Plutonium has proliferated since its creation as a war child of the Manhattan Project in 1942. Twenty-two countries possess or control separated plutonium in various forms and amounts, either for military or commercial use. Roughly 1,000 metric tons of the material exist today. Approximately 260 tons of that stockpile are in deployed or surplus nuclear weapons. American and former Soviet arsenals account for almost go percent of those weapons. Of the roughly 650 tons of plutonium that exist in commercial programs, approximately 530 tons are contained in untreated spent reactor fuel, while roughly 120 tons are stored in weapons-usable form or recycled as fuel awaiting potential future use.
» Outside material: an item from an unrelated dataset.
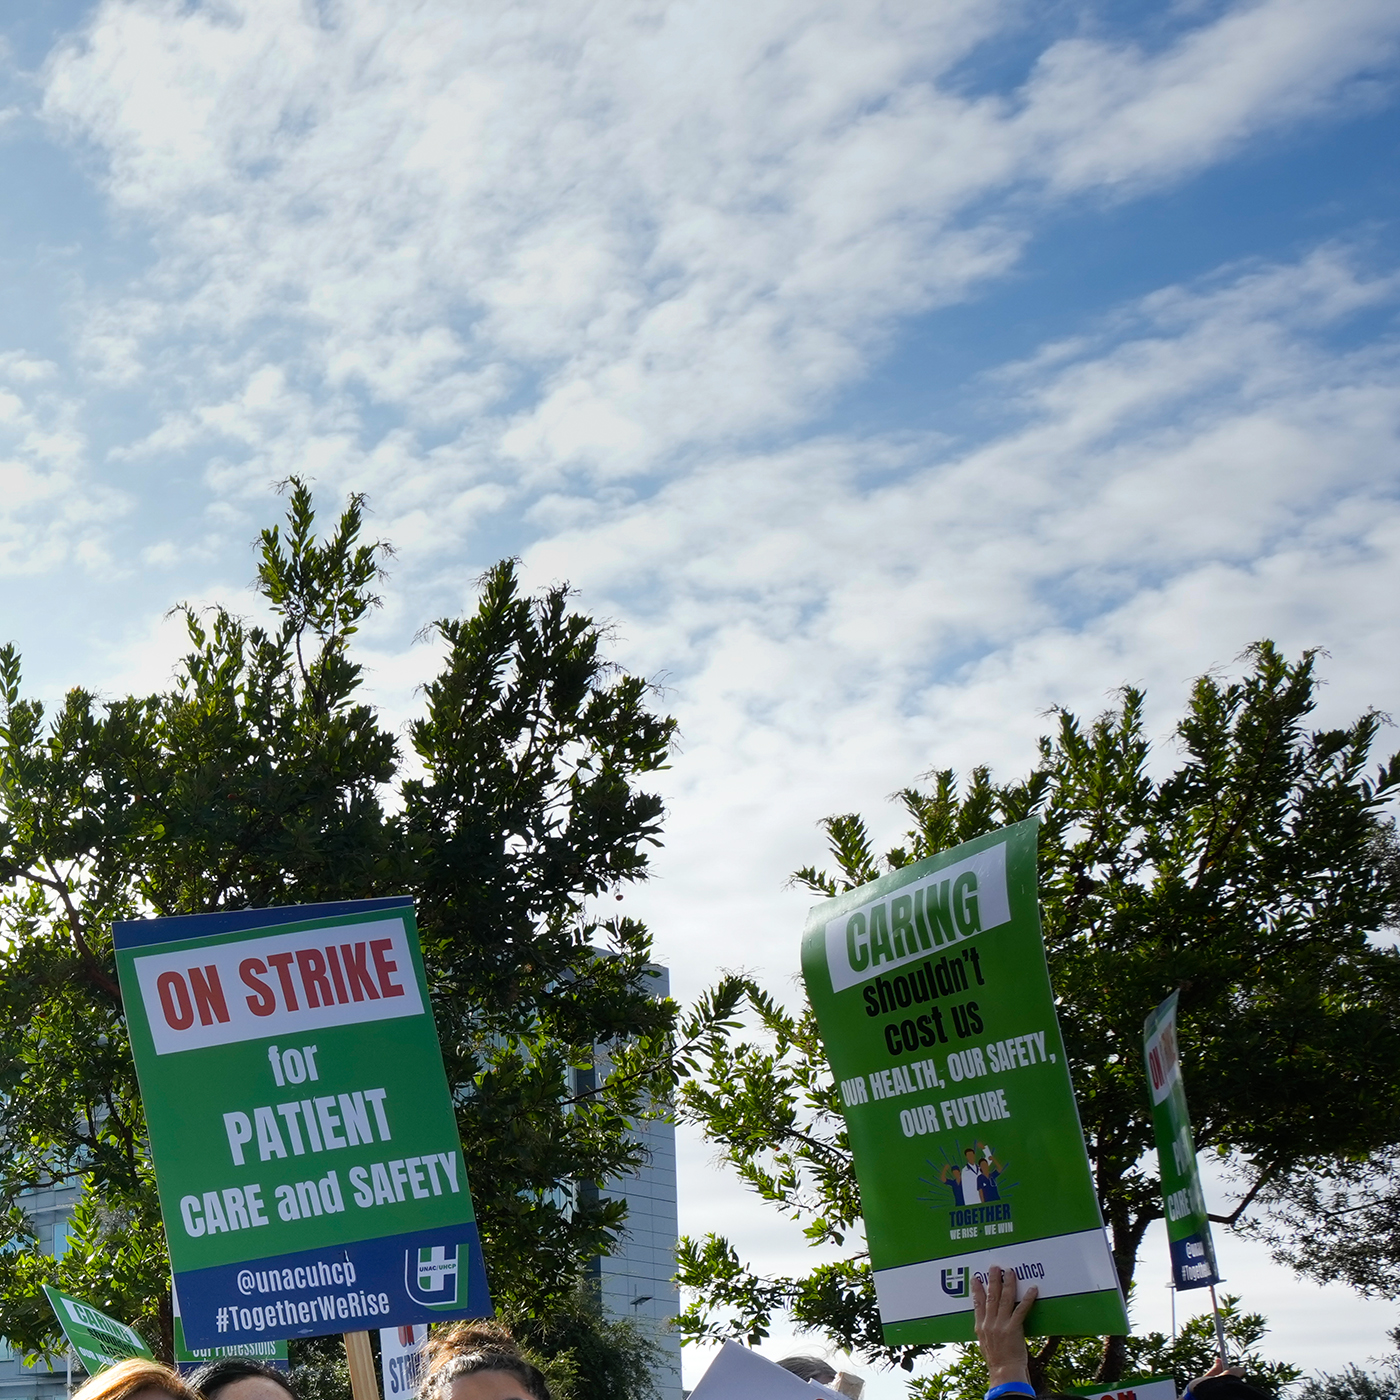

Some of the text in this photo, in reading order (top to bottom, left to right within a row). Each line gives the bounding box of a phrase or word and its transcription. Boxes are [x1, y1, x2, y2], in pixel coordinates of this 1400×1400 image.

Of course, history hovers over any proposal to get comprehensive international control over plutonium. The ghosts of the Acheson-Lilienthal Report of 1946 and the failed Baruch plan haunt the discussion. In the 1970s, the Carter administration stumbled in its ill-conceived effort to wean the international community from plutonium. Today, however, different conditions prevail. The nuclear arms race is not accelerating as it was in the late 1940s and again in the late 1970s; rather, it is being reversed. The Cold War is not dividing and closing off countries from each other; openness and cooperation in nonproliferation matters are increasing. And unlike in the 1970s, plutonium is not seen as the millennial solution to the energy needs of America’s allies or as the salvation for the international nuclear power industry. Today, plutonium is increasingly perceived as a global problem that must be solved globally.

Availability and Hazards

Current international regulations do not prohibit the acquisition and use of plutonium for peaceful purposes under safeguards. Moreover, those nations that have not signed the Nuclear Nonproliferation Treaty (NPT)—such as Israel, India and Pakistan-can acquire and use plutonium however they see fit, except where safeguards are imposed on materials and equipment imported from parties to the treaty. All states, regardless of various international guidelines on physical protection, can without sanction treat and handle plutonium according to their own standards of human health, environmental protection and security. Under these loose conditions, domestic regulation has not proved sufficiently safe in any country from which historical data is available. A few instances from American and Russian experience suggest the danger.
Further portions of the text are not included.